You still have the wrong fucking endpoint for your research. Reperfusion means nothing to survivors, 100% RECOVERY IS THE ONLY GOAL IN STROKE. WHEN THE HELL WILL YOU DO YOUR FUCKING RESEARCH CORRECTLY? 

Off-Label Thrombolytic Could 'Rescue' Stroke Thrombectomy

Registry results are promising for urokinase


Intra-arterial urokinase may safely boost reperfusion when mechanical thrombectomy misses the mark for large vessel anterior circulation stroke, an observational study suggested.
The most feared complication -- symptomatic intracranial hemorrhage (sICH) -- was actually numerically less common for patients who got the drug off label for no or incomplete flow after mechanical thrombectomy (5.2% vs 6.9%), with an odds ratio of 0.81 after adjustment for baseline characteristics underlying case selection (95% CI 0.31-2.13).
Likewise, secondary endpoints at least tended to favor urokinase in the prospective registry of consecutive patients, reported Urs Fischer, MD, of University Hospital Bern, Switzerland, and colleagues in JAMA Neurology:
  • 90-day mortality: adjusted OR 0.78 (95% CI 0.43-1.40)
  • 90-day functional independence: aOR 1.93 (95% CI 1.11-3.37)

This study moves the field one step closer to one of the primary targets for improving thrombectomy -- "finding reliable means of achieving near-perfect perfusion," wrote Victor Lopez-Rivera, MD, and Sunil Sheth, MD, both of the UTHealth McGovern Medical School in Houston, in an accompanying editorial.
Better reperfusion has translated to better outcomes in prior studies, but only a minority of thrombectomy patients reach the highest Thrombolysis in Cerebral Infarction (TICI) grades of reperfusion, they pointed out.
"There remain occlusions that require multiple passes, some that fragment and travel downstream to occlude distal vessels that are less amenable to mechanical approaches, and still some that, despite multiple attempts, refuse to be removed," the editorialists wrote.
The low hemorrhage rate was remarkable given the history of recombinant prourokinase being denied FDA approval based on a 10% rate of symptomatic hemorrhage, they added.
The researchers called for systemic evaluation of this approach in a multicenter prospective registry or a randomized clinical trial.
Despite limitations as an observational study prone to bias, "the fact that the ICH rate remained comparable to those presented in numerous other studies of MT [mechanical thrombectomy] alone (without additional intra-arterial thrombolysis), as well as those of intravenous thrombolysis alone, speaks to the real possibility of safety for concomitant antithrombotics with MT beyond intravenous alteplase [Activase]," Lopez-Rivera and Sheth wrote.
Urokinase was approved for lysis of pulmonary emboli in adults, but the Kinlytic brand is off the U.S. market, where alteplase is the only approved stroke thrombolytic available.

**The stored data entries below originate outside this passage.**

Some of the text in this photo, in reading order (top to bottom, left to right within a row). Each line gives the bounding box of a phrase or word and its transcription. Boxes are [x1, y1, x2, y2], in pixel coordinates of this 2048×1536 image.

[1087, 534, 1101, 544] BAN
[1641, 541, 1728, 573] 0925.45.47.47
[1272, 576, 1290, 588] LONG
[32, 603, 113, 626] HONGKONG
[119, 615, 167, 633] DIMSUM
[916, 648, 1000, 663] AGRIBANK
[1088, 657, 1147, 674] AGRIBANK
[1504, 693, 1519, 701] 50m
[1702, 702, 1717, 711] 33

The study utilized the prospective registry of a tertiary care stroke center to include 993 consecutive participants treated with second-generation mechanical thrombectomy from Jan. 1, 2010 through Aug. 4, 2017 who met criteria for a large vessel occlusion in the anterior circulation and agreed to participate.
Among them, 10.1% got additional intra-arterial urokinase, typically for incomplete reperfusion after thrombectomy (53 of 100).

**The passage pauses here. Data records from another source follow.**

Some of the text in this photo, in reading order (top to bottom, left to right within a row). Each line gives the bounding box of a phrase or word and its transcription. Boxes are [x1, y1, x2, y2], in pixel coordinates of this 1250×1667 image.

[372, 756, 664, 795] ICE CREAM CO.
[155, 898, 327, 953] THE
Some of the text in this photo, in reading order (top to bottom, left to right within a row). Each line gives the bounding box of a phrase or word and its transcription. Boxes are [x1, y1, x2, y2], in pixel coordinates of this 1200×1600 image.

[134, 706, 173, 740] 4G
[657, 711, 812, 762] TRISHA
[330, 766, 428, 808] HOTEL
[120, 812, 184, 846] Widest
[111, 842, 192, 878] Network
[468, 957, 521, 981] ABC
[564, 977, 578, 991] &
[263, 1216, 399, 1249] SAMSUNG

In those cases with less than TICI grade 3 flow, urokinase was associated with an early improvement in reperfusion for 32 (60.4%), and 18 (34.0%) had an improvement in TICI grade.

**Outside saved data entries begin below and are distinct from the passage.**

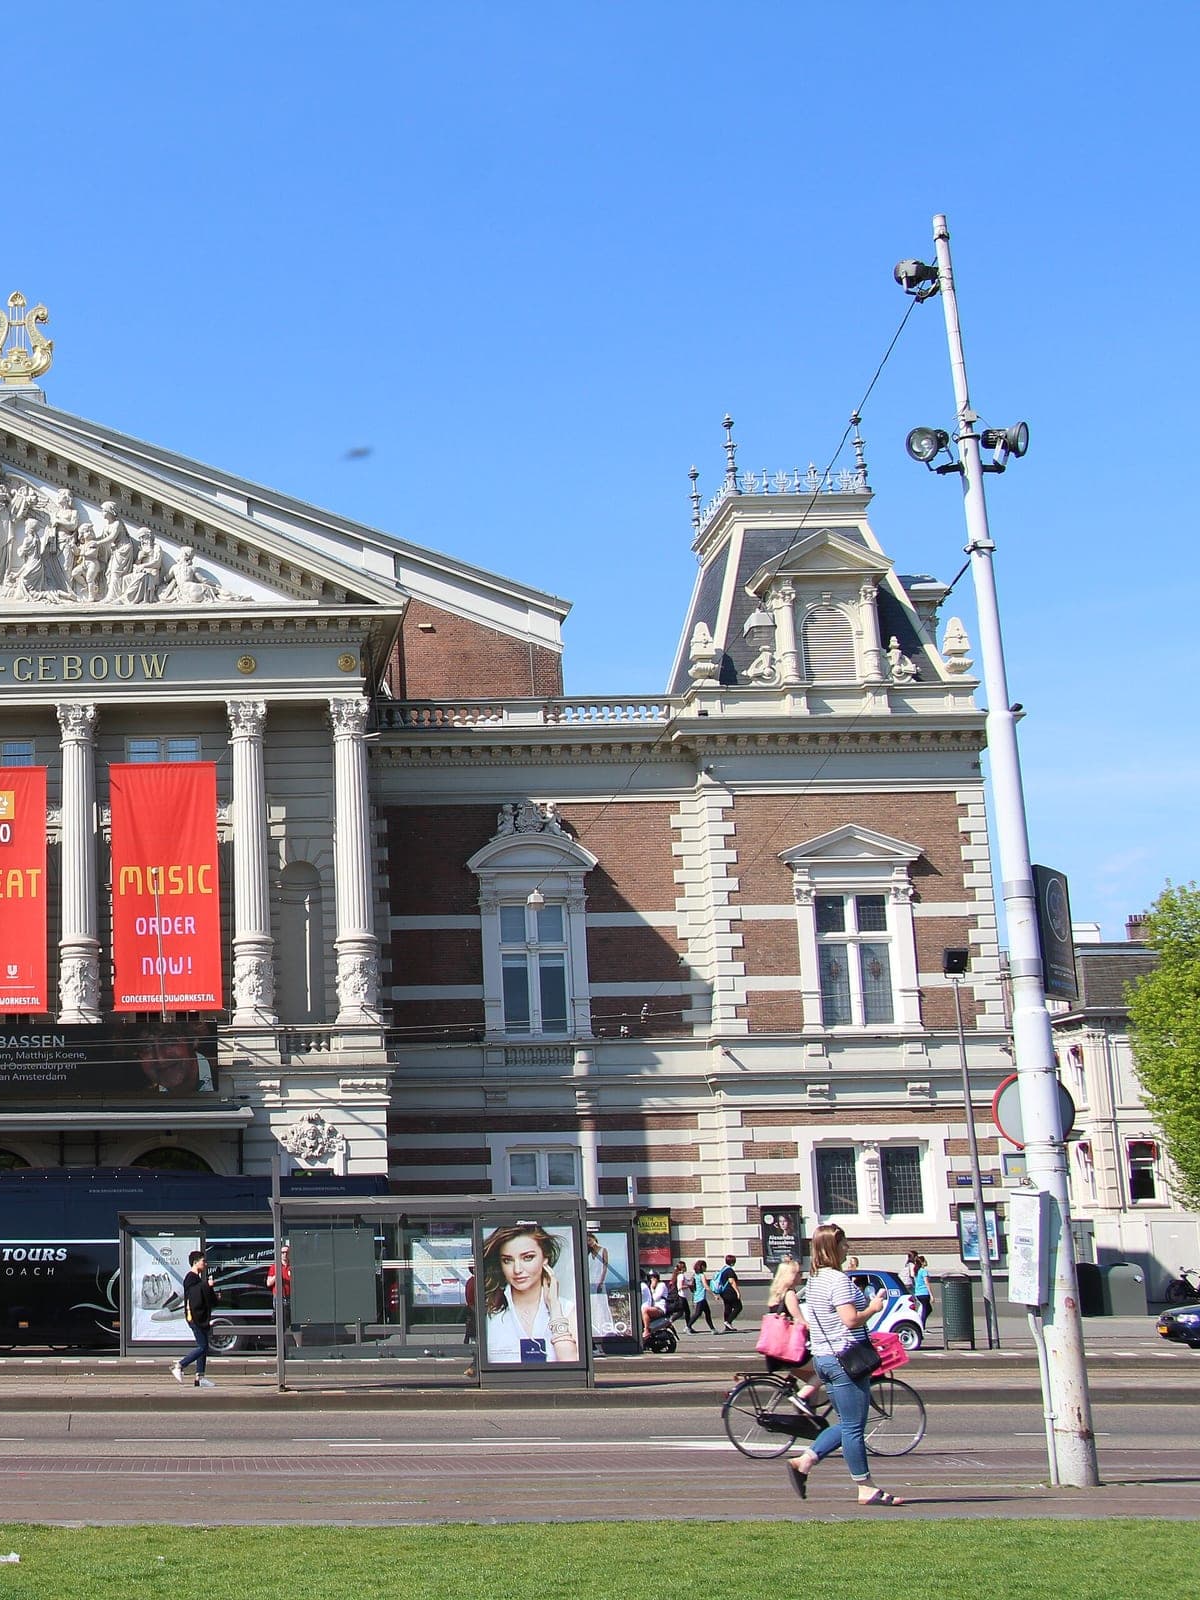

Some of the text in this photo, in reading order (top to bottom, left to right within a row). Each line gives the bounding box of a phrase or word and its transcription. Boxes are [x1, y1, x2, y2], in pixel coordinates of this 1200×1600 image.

[119, 864, 213, 895] MUSIC
[135, 916, 196, 935] ORDER
[142, 956, 192, 975] NOW!
[16, 1051, 54, 1060] Matthijs
[55, 1051, 87, 1060] Koene,
[12, 1072, 67, 1081] Amsterdam
[2, 1248, 68, 1261] TOURS

"This finding then begs the question of whether concomitant thrombolysis in patients with [large vessel occlusions] is in fact beneficial," the editorialists wrote.
They pointed to the SWIFT-DIRECT trial randomizing large vessel occlusion patients to mechanical thrombectomy with or without IV alteplase.
The study was supported by the Swiss Stroke Society, the Bangerter Foundation, and the Swiss Academy of Medical Sciences.
Fischer disclosed relevant relationships with Medtronic, Stryker, and CSL Behring.
Sheth disclosed an award from the American Academy of Neurology and a grant from the NIH.
Lopez-Rivera disclosed no relevant relationships with industry.